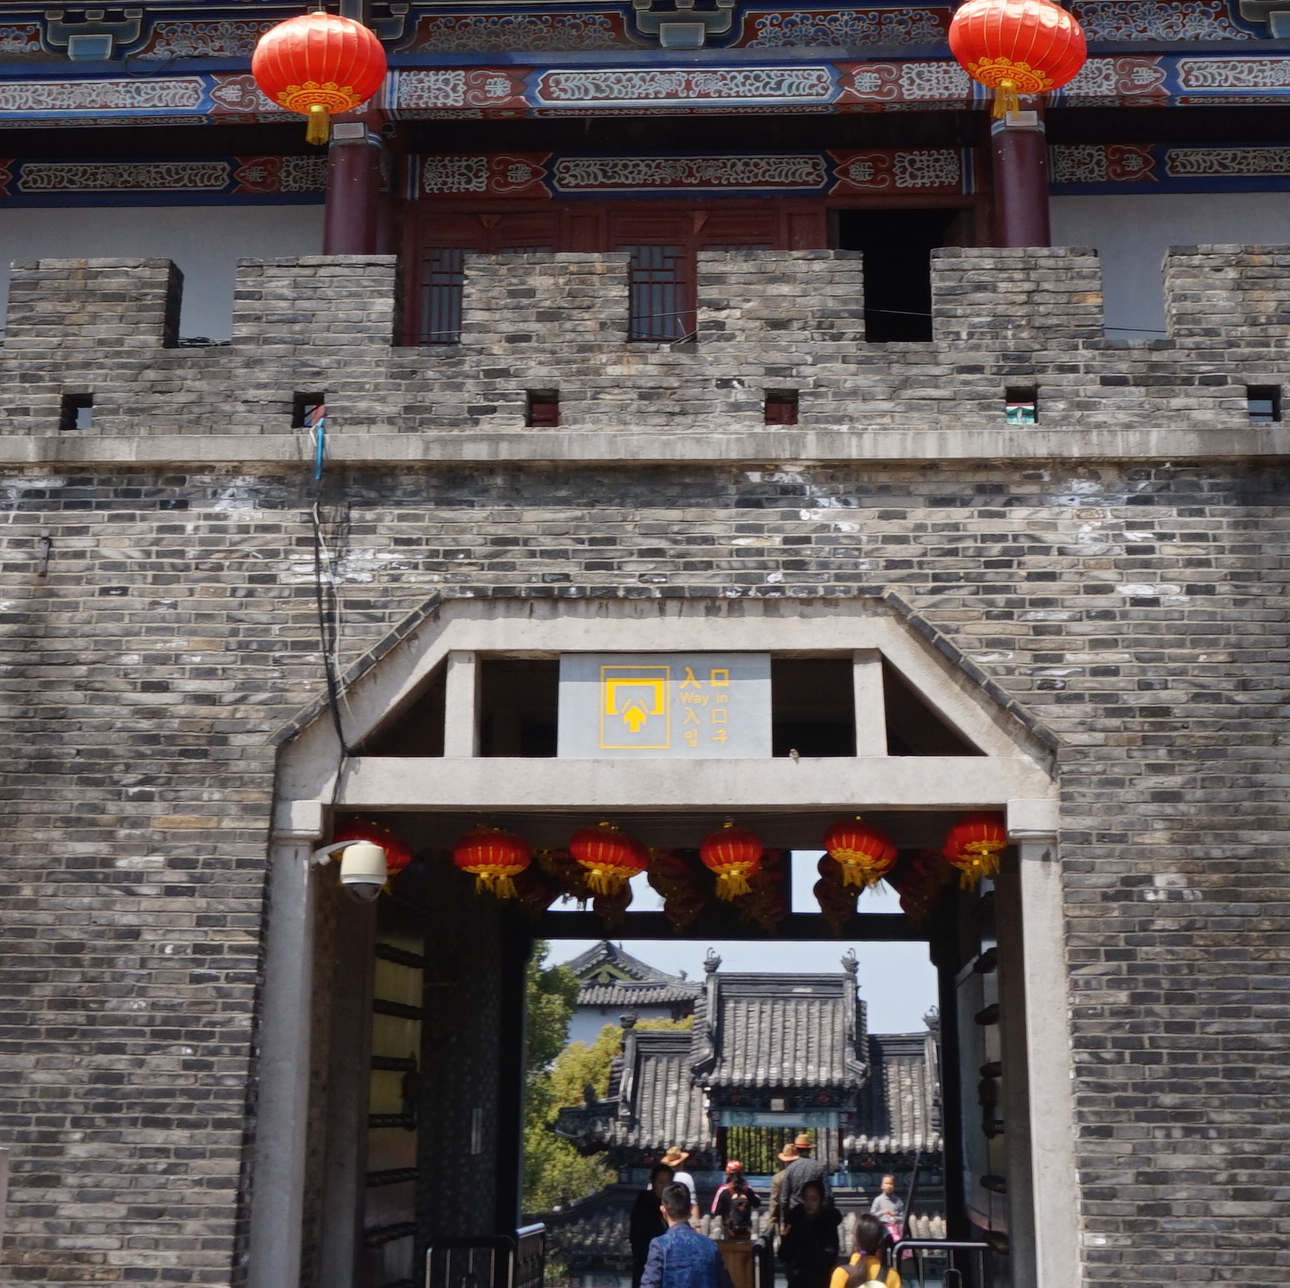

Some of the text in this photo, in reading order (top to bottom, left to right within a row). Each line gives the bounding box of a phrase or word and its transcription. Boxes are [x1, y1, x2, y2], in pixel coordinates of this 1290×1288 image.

[678, 666, 730, 689] 入口
[679, 692, 728, 707] Way in
[683, 707, 728, 724] 入口
[683, 728, 728, 747] 입구
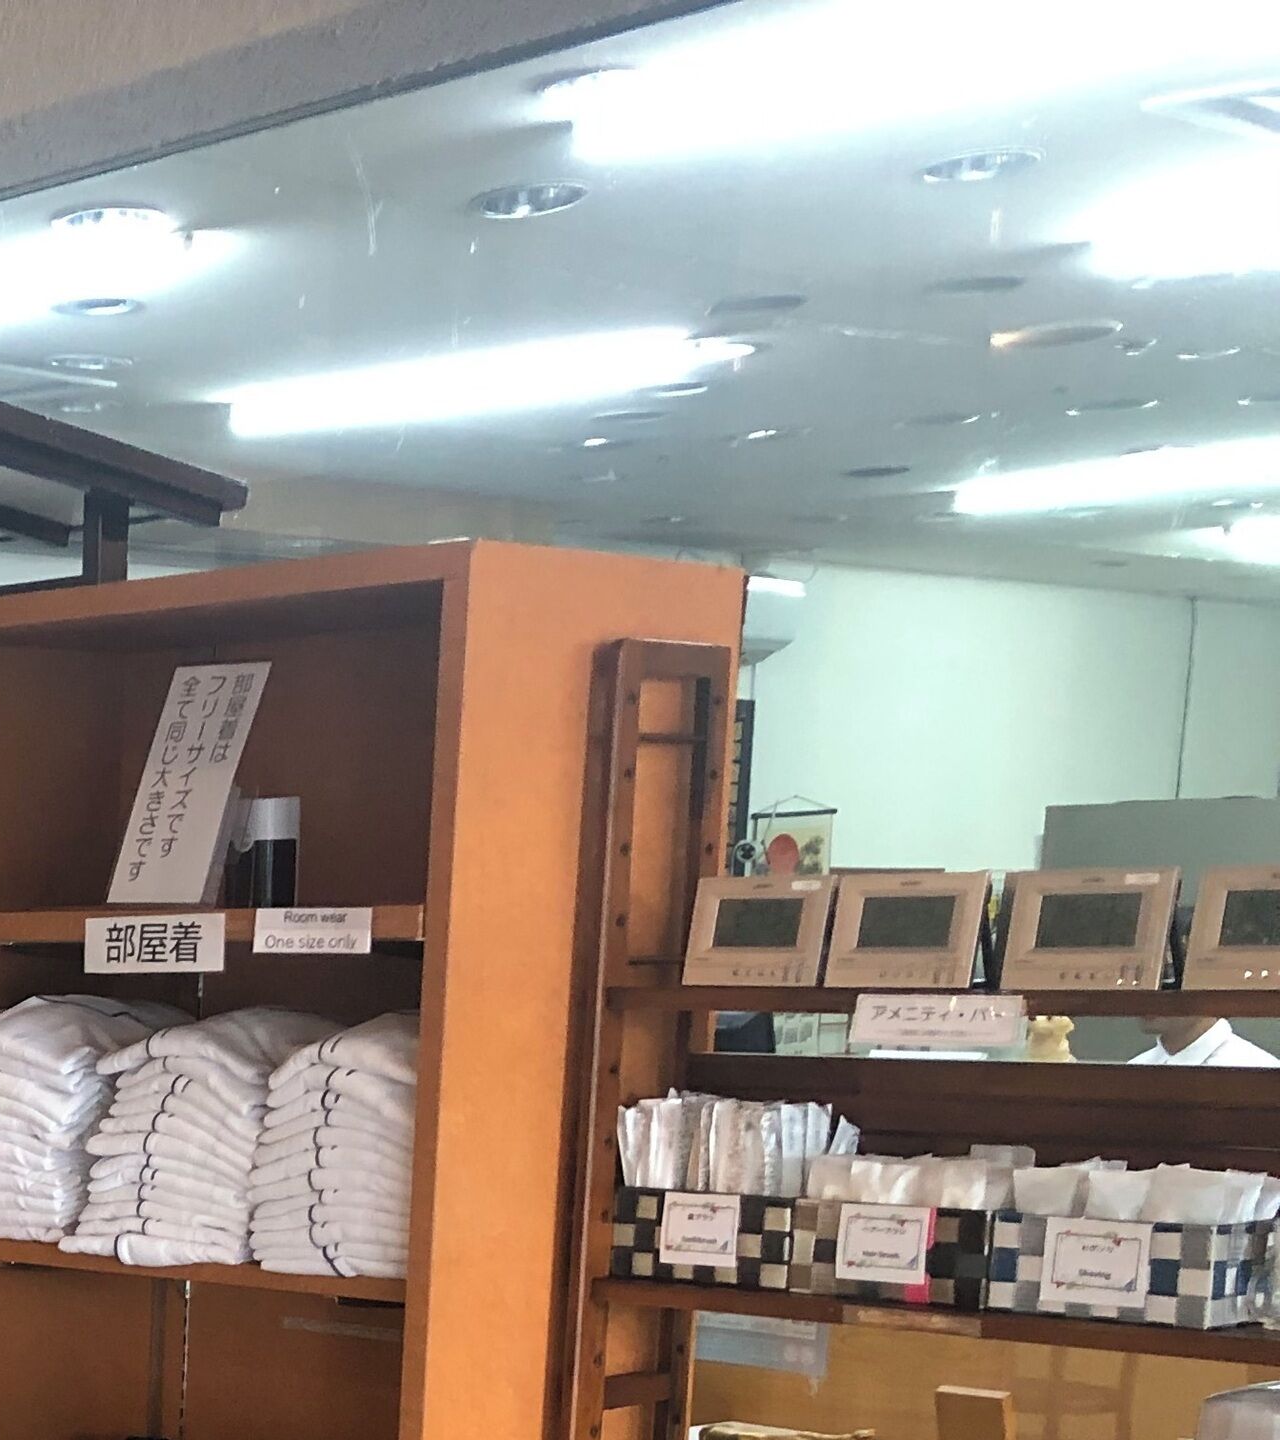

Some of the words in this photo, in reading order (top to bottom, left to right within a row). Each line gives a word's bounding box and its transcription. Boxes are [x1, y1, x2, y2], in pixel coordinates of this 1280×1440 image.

[208, 673, 255, 763] 部屋着は
[127, 676, 202, 882] 全て同じ大きさです
[159, 675, 227, 858] フリーサイズです
[104, 921, 203, 965] 部屋着
[264, 934, 294, 949] One
[298, 934, 326, 949] size
[328, 933, 358, 950] only
[283, 911, 318, 924] Room
[320, 912, 348, 924] wear
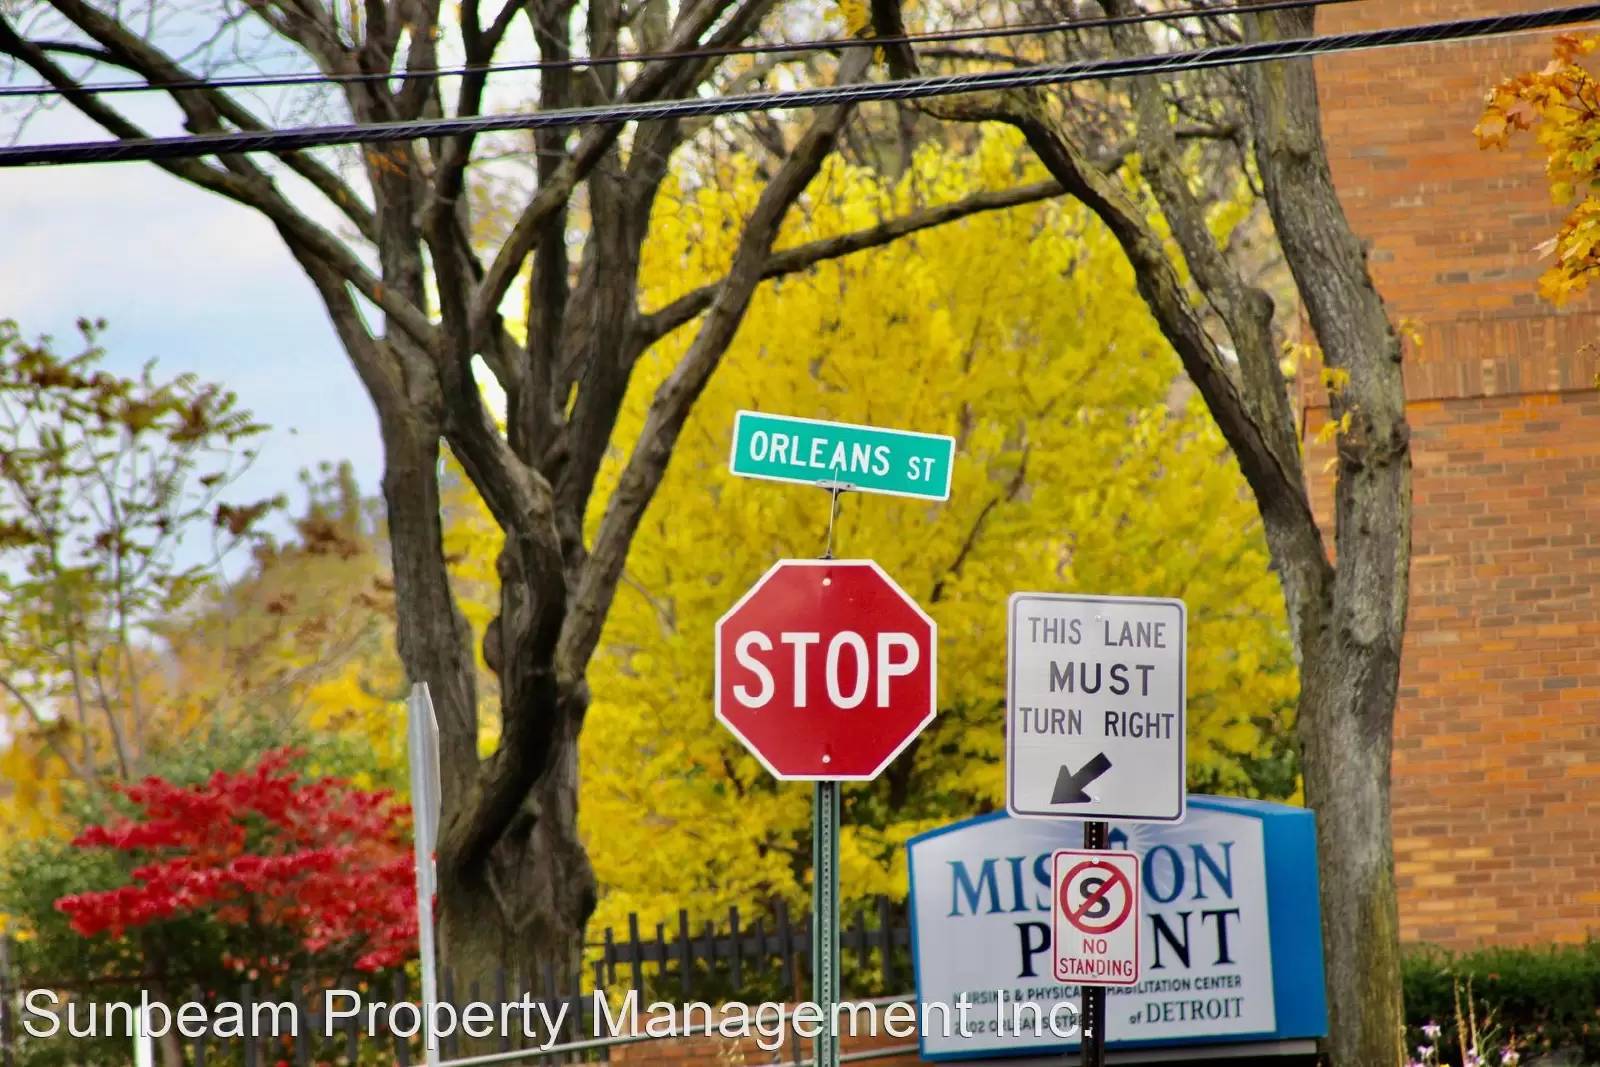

◆ ACTIVITY ◆
Pictures stay out; everything else in the listing above gets repeated exactly.

◆ RESULT OF THIS EXERCISE ◆
Some of the text in this photo, in reading order (top to bottom, left to right within a row). Each line gives the bounding box of a phrase or word and its transcription. Boxes are [x1, y1, x2, y2], in pixel coordinates of this 1290×1288 image.

[678, 666, 730, 689] 入口
[679, 692, 728, 707] Way in
[683, 707, 728, 724] 入口
[683, 728, 728, 747] 입구

Some of the words in this photo, in reading order (top to bottom, left to right within a row). Each line gives a word's bounding box and its transcription. Boxes are [x1, y1, x2, y2], in pixel coordinates of this 1280×1440 image.

[208, 673, 255, 763] 部屋着は
[127, 676, 202, 882] 全て同じ大きさです
[159, 675, 227, 858] フリーサイズです
[104, 921, 203, 965] 部屋着
[264, 934, 294, 949] One
[298, 934, 326, 949] size
[328, 933, 358, 950] only
[283, 911, 318, 924] Room
[320, 912, 348, 924] wear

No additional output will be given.